=== Description of the task ===
Transcribe the data exactly, omitting whatever pictures it holds.
· · · · ·
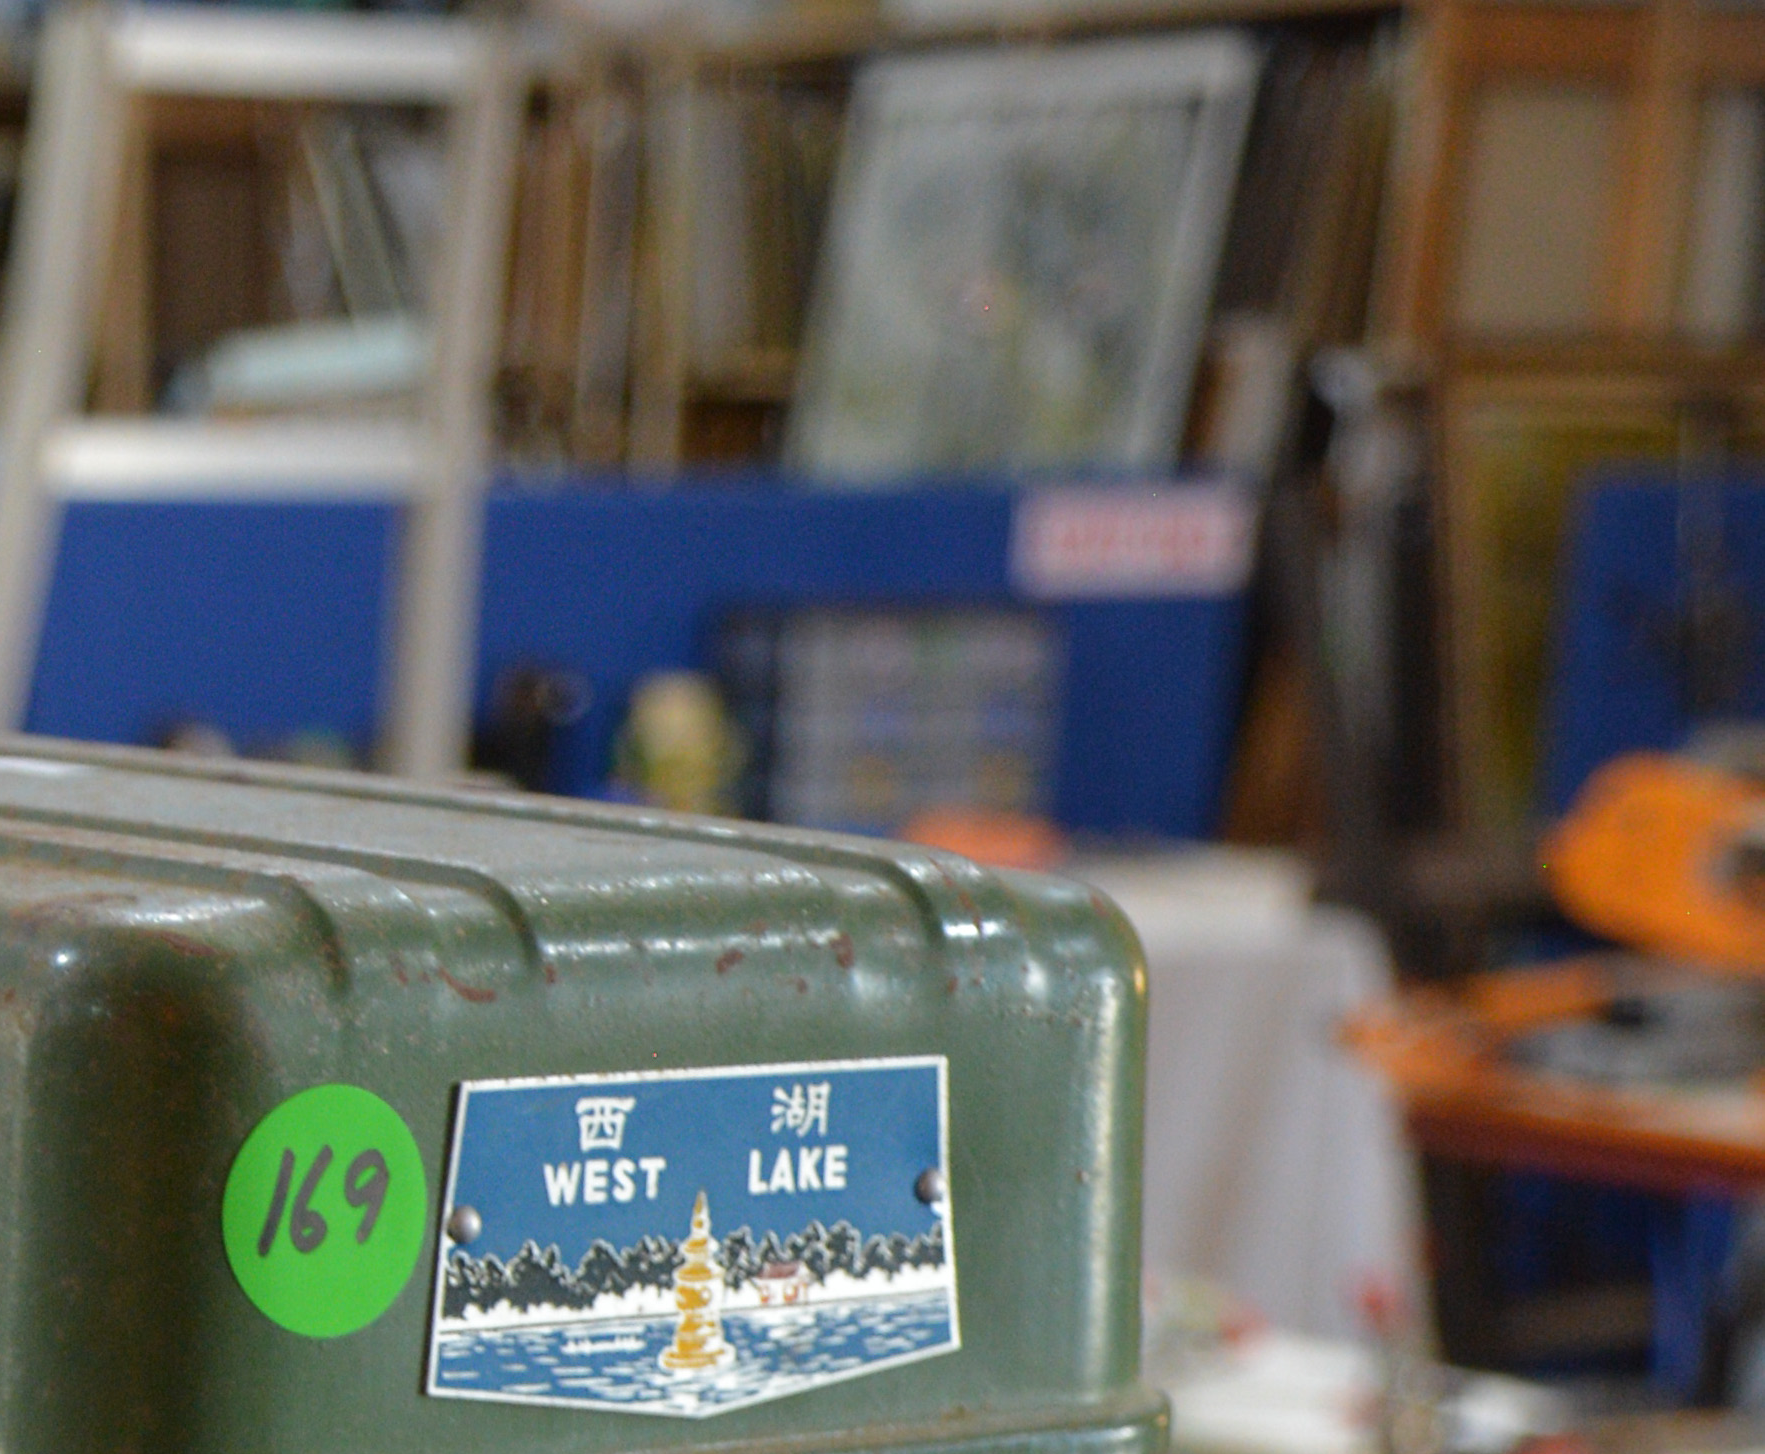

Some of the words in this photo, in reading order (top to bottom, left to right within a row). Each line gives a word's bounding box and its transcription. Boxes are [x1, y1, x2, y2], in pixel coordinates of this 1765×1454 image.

[576, 1096, 636, 1152] 西
[771, 1081, 832, 1138] 湖
[257, 1143, 391, 1258] 169
[543, 1157, 667, 1208] WEST
[748, 1145, 849, 1196] LAKE
· · · · ·
=== Written answer ===
Some of the words in this photo, in reading order (top to bottom, left to right within a row). Each line gives a word's bounding box and its transcription. Boxes are [x1, y1, x2, y2], in pixel coordinates of this 1765×1454 image.

[576, 1096, 636, 1152] 西
[771, 1081, 832, 1138] 湖
[257, 1143, 391, 1258] 169
[543, 1157, 667, 1208] WEST
[748, 1145, 849, 1196] LAKE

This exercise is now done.